Department of Mechanical and Industrial Engineering, University of Toronto, Toronto, Canada.
Department of Mechanical and Industrial Engineering, University of Toronto, Toronto, Canada.
Phys Med. 2023 Feb;106:102533. doi: 10.1016/j.ejmp.2023.102533. Epub 2023 Jan 30.
To develop a machine learning-based, 3D dose prediction methodology for Gamma Knife (GK) radiosurgery. The methodology accounts for cases involving targets of any number, size, and shape.
Data from 322 GK treatment plans was modified by isolating and cropping the contoured MRI and clinical dose distributions based on tumor location, then scaling the resulting tumor spaces to a standard size. An accompanying 3D tensor was created for each instance to account for tumor size. The modified dataset for 272 patients was used to train both a generative adversarial network (GAN-GK) and a 3D U-Net model (U-Net-GK). Unmodified data was used to train equivalent baseline models. All models were used to predict the dose distribution of 50 out-of-sample patients. Prediction accuracy was evaluated using gamma, with criteria of 4 %/2mm, 3 %/3mm, 3 %/1mm and 1 %/1mm. Prediction quality was assessed using coverage, selectivity, and conformity indices.
The predictions resulting from GAN-GK and U-Net-GK were similar to their clinical counterparts, with average gamma (4 %/2mm) passing rates of 84.9 ± 15.3 % and 83.1 ± 17.2 %, respectively. In contrast, the gamma passing rate of baseline models were significantly worse than their respective GK-specific models (p < 0.001) at all criterion levels. The quality of GK-specific predictions was also similar to that of clinical plans.

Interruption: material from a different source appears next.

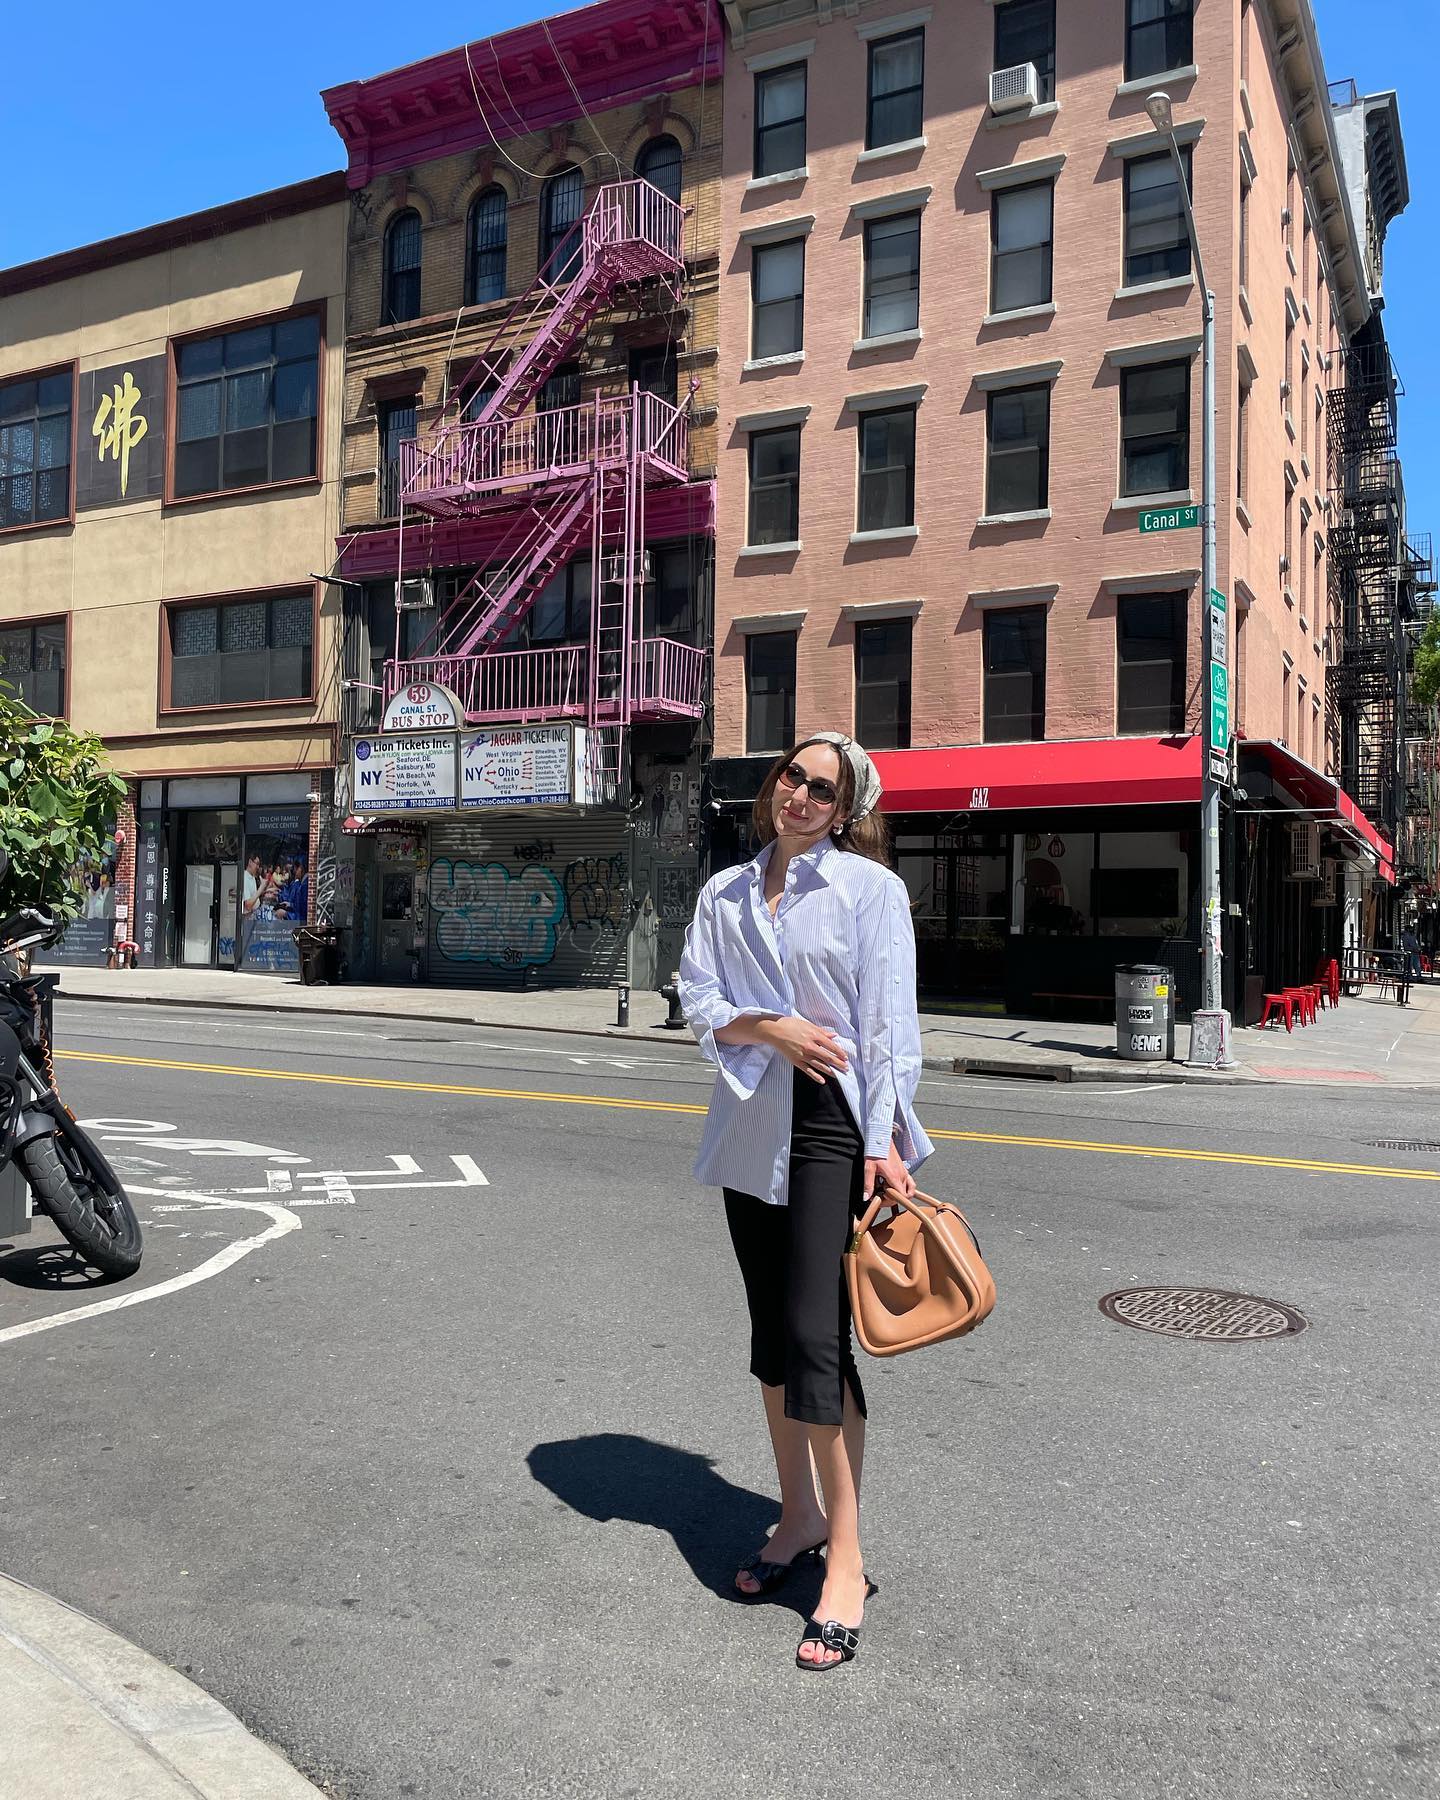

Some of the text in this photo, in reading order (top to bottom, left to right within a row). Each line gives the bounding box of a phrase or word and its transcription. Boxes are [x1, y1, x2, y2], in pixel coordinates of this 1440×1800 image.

Deep learning models can use GK-specific data modification to predict 3D dose distributions for GKRS plans with a large range in size, shape, or number of targets. Standard deep learning models applied to unmodified GK data generated poorer predictions.
开发一种基于机器学习的伽玛刀(GK)放射外科三维剂量预测方法。该方法适用于任意数量、大小和形状的靶区。
通过分离并裁剪基于肿瘤位置的轮廓 MRI 和临床剂量分布,修改了 322 个 GK 治疗计划的数据,然后将得到的肿瘤空间缩放至标准大小。为每个实例创建一个伴随的 3D 张量,以说明肿瘤大小。使用 272 名患者的修改数据集来训练生成对抗网络(GAN-GK)和 3D U-Net 模型(U-Net-GK)。使用未修改的数据来训练等效基线模型。所有模型均用于预测 50 名样本外患者的剂量分布。使用伽玛值评估预测准确性,标准为 4%/2mm、3%/3mm、3%/1mm 和 1%/1mm。使用覆盖率、选择性和一致性指数评估预测质量。
GAN-GK 和 U-Net-GK 的预测结果与临床预测结果相似,平均伽玛(4%/2mm)通过率分别为 84.9±15.3%和 83.1±17.2%。相比之下,基线模型的伽玛通过率在所有标准水平上均显著低于各自的 GK 特异性模型(p<0.001)。GK 特异性预测的质量也与临床计划相似。
深度学习模型可以使用 GK 特异性数据修改来预测大小、形状或靶区数量差异较大的 GKRS 计划的三维剂量分布。应用于未修改 GK 数据的标准深度学习模型生成的预测结果较差。